Safety and effectiveness in pediatric patients receiving allogeneic heart or liver transplants have not been established.
8.5 Geriatric Use
Clinical studies of mycophenolate mofetil did not include sufficient numbers of subjects aged 65 and over to determine whether they respond differently from younger subjects. Other reported clinical experience has not identified differences in responses between the elderly and younger patients. In general, dose selection for an elderly patient should take into consideration the presence of decreased hepatic, renal or cardiac function and of concomitant drug therapies [see Adverse Reactions (6.1), Drug Interactions (7)].
10 Overdosage
Possible signs and symptoms of acute overdose include hematological abnormalities such as leukopenia and neutropenia, and gastrointestinal symptoms such as abdominal pain, diarrhea, nausea, vomiting, and dyspepsia.
The experience with overdose of mycophenolate mofetil in humans is limited. The reported effects associated with overdose fall within the known safety profile of the drug. The highest dose administered to kidney transplant patients in clinical trials has been 4 g/day. In limited experience with heart and liver transplant patients in clinical trials, the highest doses used were 4 g/day or 5 g/day. At doses of 4 g/day or 5 g/day, there appears to be a higher rate, compared to the use of 3 g/day or less, of gastrointestinal intolerance (nausea, vomiting, and/or diarrhea), and occasional hematologic abnormalities, particularly neutropenia [see Warnings and Precautions (5.4)].
11 Description
Mycophenolate mofetil is an antimetabolite immunosuppressant. It is the 2- morpholinoethyl ester of mycophenolic acid (MPA), an immunosuppressive agent; inosine monophosphate dehydrogenase (IMPDH) inhibitor.

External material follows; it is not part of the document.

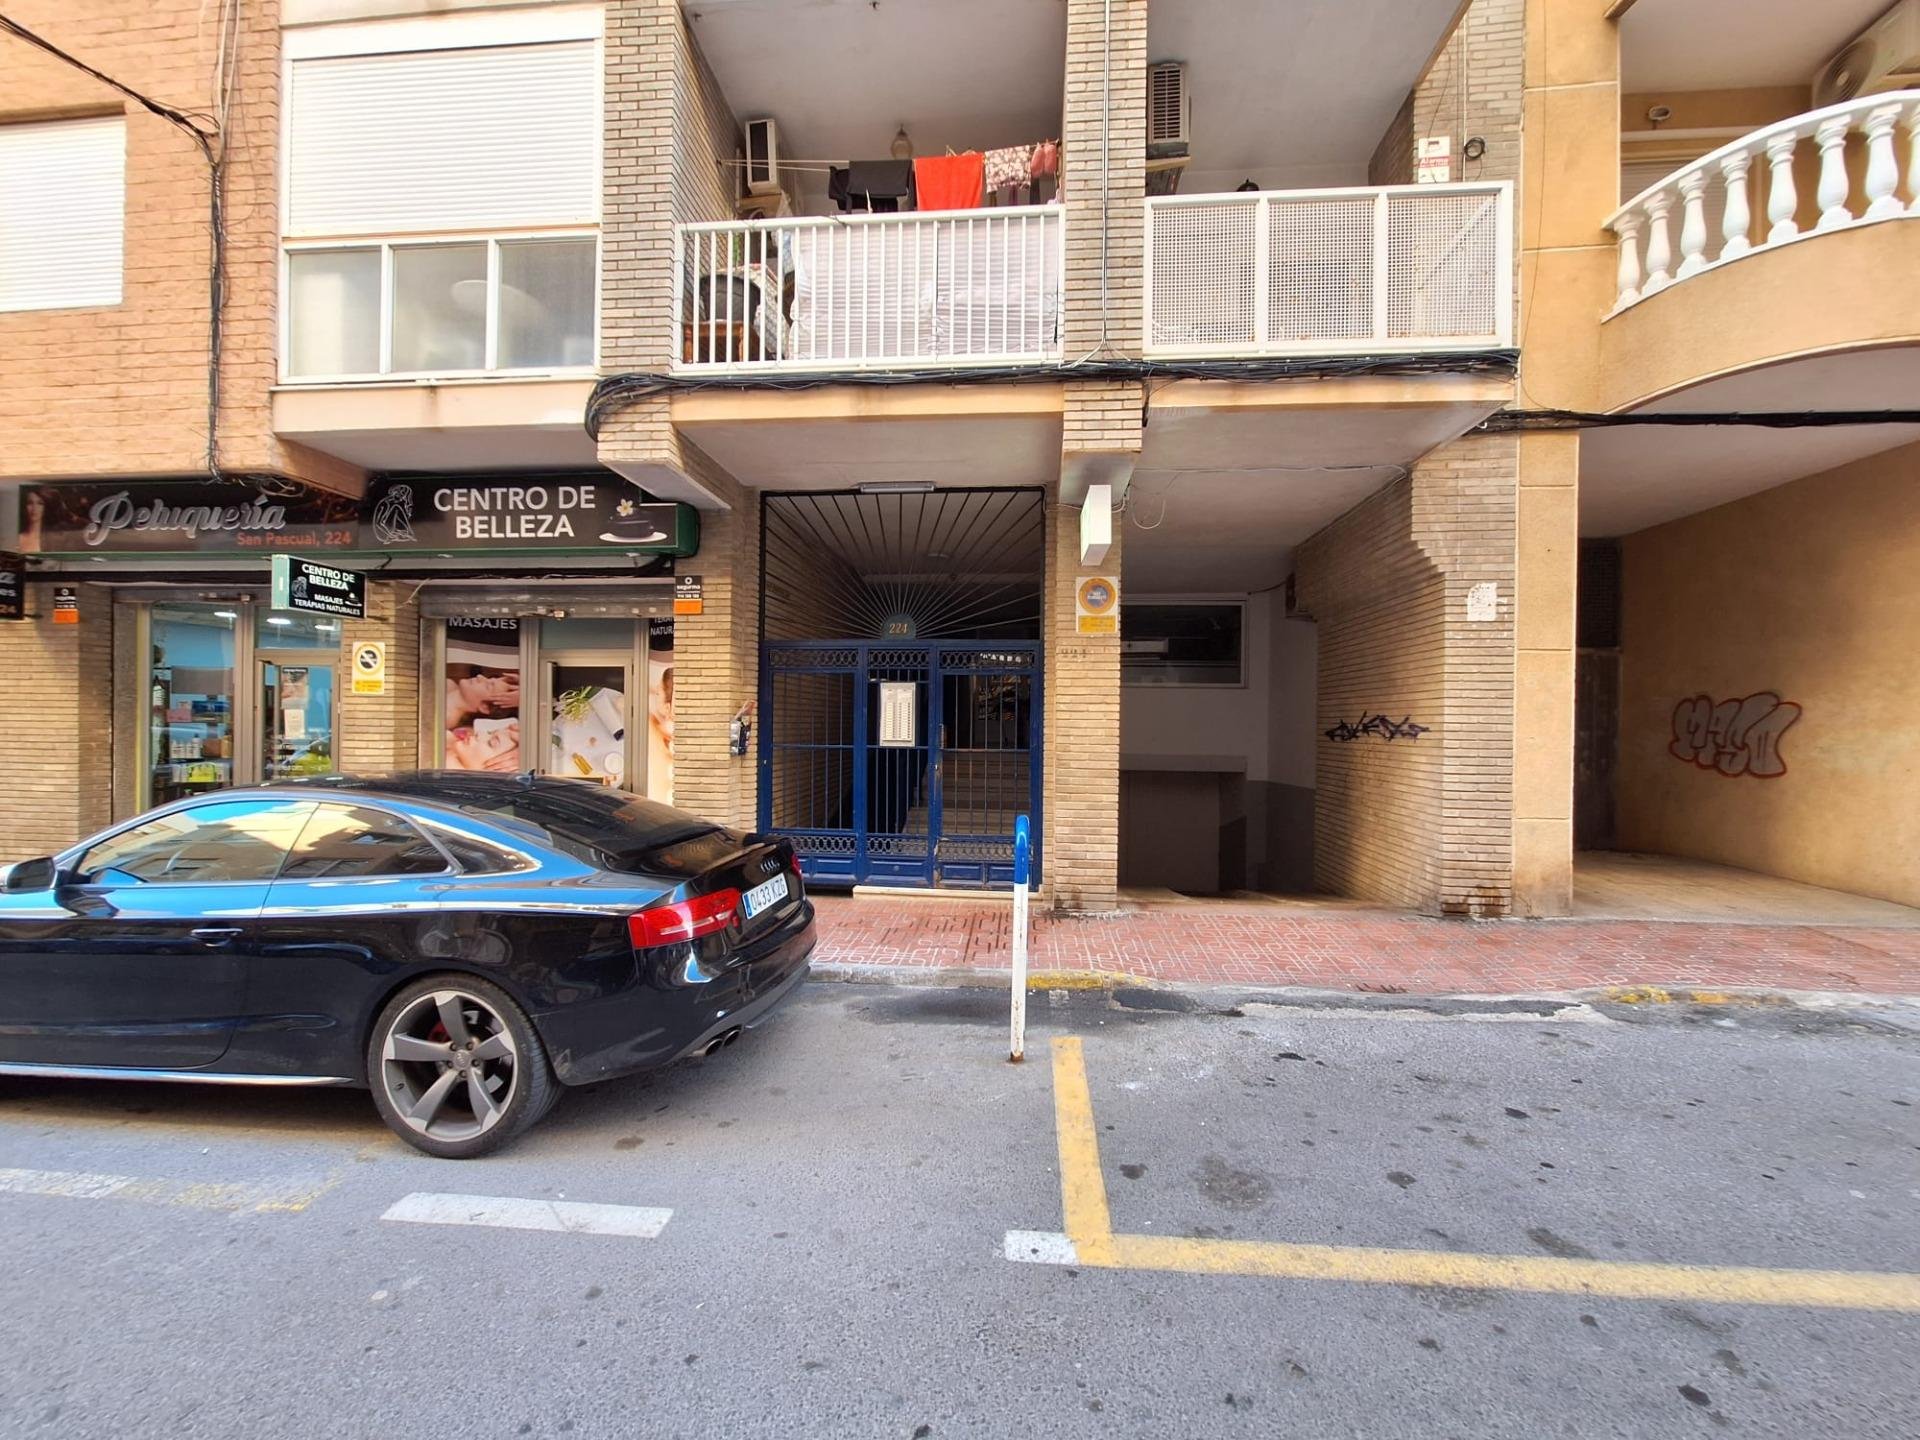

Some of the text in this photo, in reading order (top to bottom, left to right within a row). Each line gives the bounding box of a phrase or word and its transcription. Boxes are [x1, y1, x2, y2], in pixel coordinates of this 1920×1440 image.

The chemical name for mycophenolate mofetil (MMF) is 2-morpholinoethyl (E)-6-(1,3-dihydro-4-hydroxy-6-methoxy-7-methyl-3-oxo-5-isobenzofuranyl)-4-methyl-4-hexenoate. It has an empirical formula of C23H31NO7, a molecular weight of 433.49 g/mole, and the following structural formula:
MMF is a white to off-white crystalline powder. It is slightly soluble in water (43 μg/mL at pH 7.4); the solubility increases in acidic medium (4.27 mg/mL at pH 3.6). It is freely soluble in acetone, soluble in methanol, and sparingly soluble in ethanol. The apparent partition coefficient in 1-octanol/water (pH 7.4) buffer solution is 238. The pKa values for MMF are 5.6 for the morpholino group and 8.5 for the phenolic group.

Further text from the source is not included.